Given data:
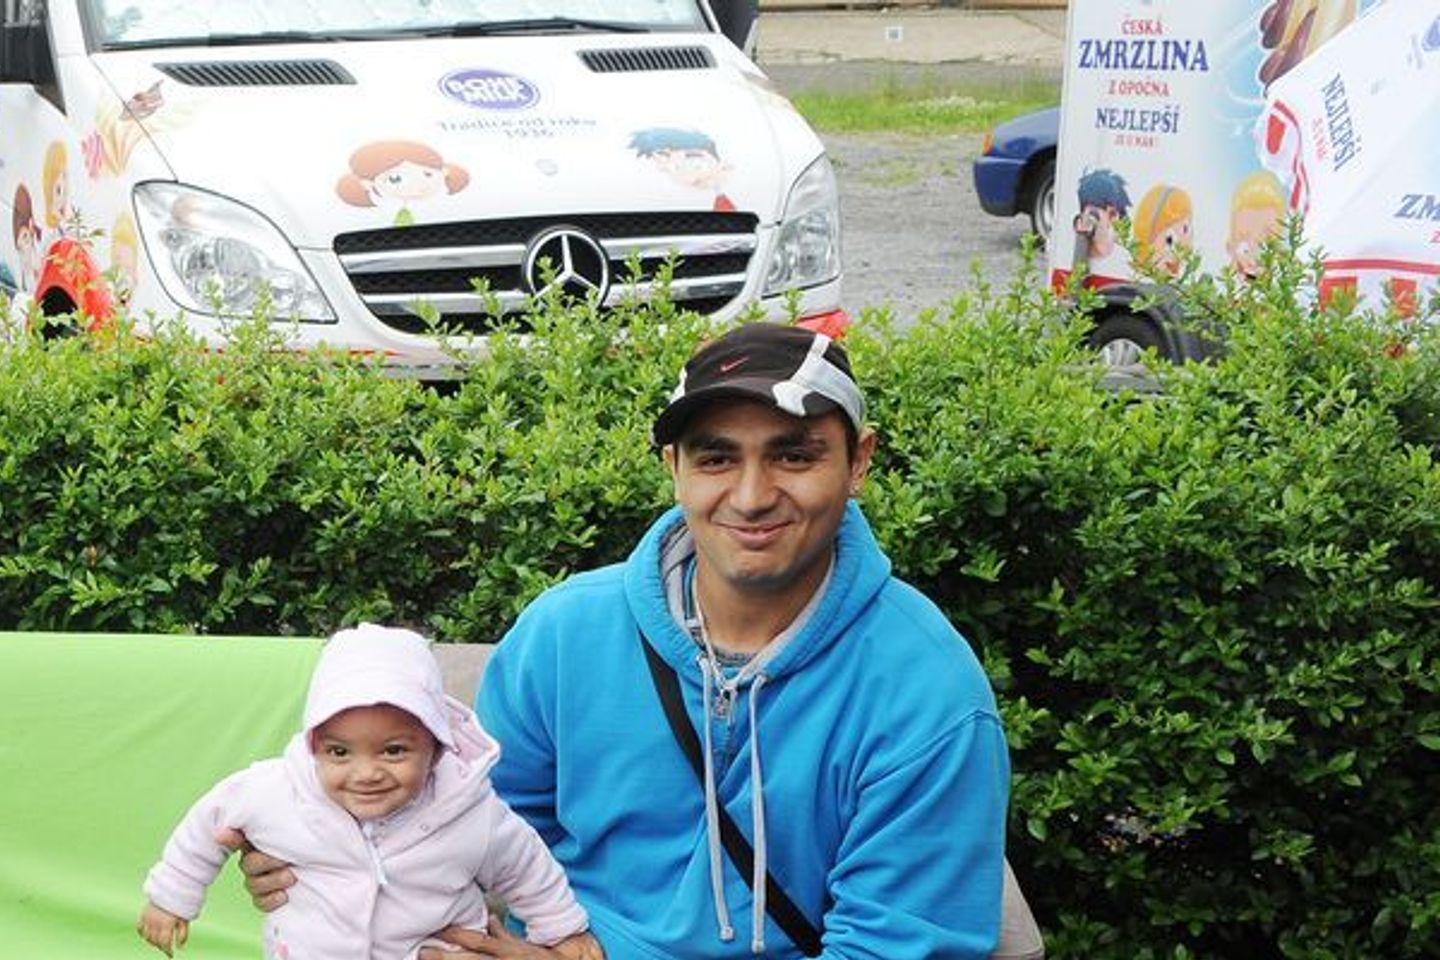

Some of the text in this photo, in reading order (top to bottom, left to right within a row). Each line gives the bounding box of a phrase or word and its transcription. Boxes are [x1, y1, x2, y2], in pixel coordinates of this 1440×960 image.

[1120, 13, 1164, 35] ČESKÁ
[1078, 39, 1210, 71] ZMRZLINA
[1094, 104, 1181, 134] NEJLEPŠÍ
[1320, 71, 1362, 172] NEJLEPŠÍ

Task to complete: Omit the pictures. Repeat the rest of the data exactly.

Expected answer:
Some of the text in this photo, in reading order (top to bottom, left to right within a row). Each line gives the bounding box of a phrase or word and its transcription. Boxes are [x1, y1, x2, y2], in pixel coordinates of this 1440×960 image.

[1120, 13, 1164, 35] ČESKÁ
[1078, 39, 1210, 71] ZMRZLINA
[1094, 104, 1181, 134] NEJLEPŠÍ
[1320, 71, 1362, 172] NEJLEPŠÍ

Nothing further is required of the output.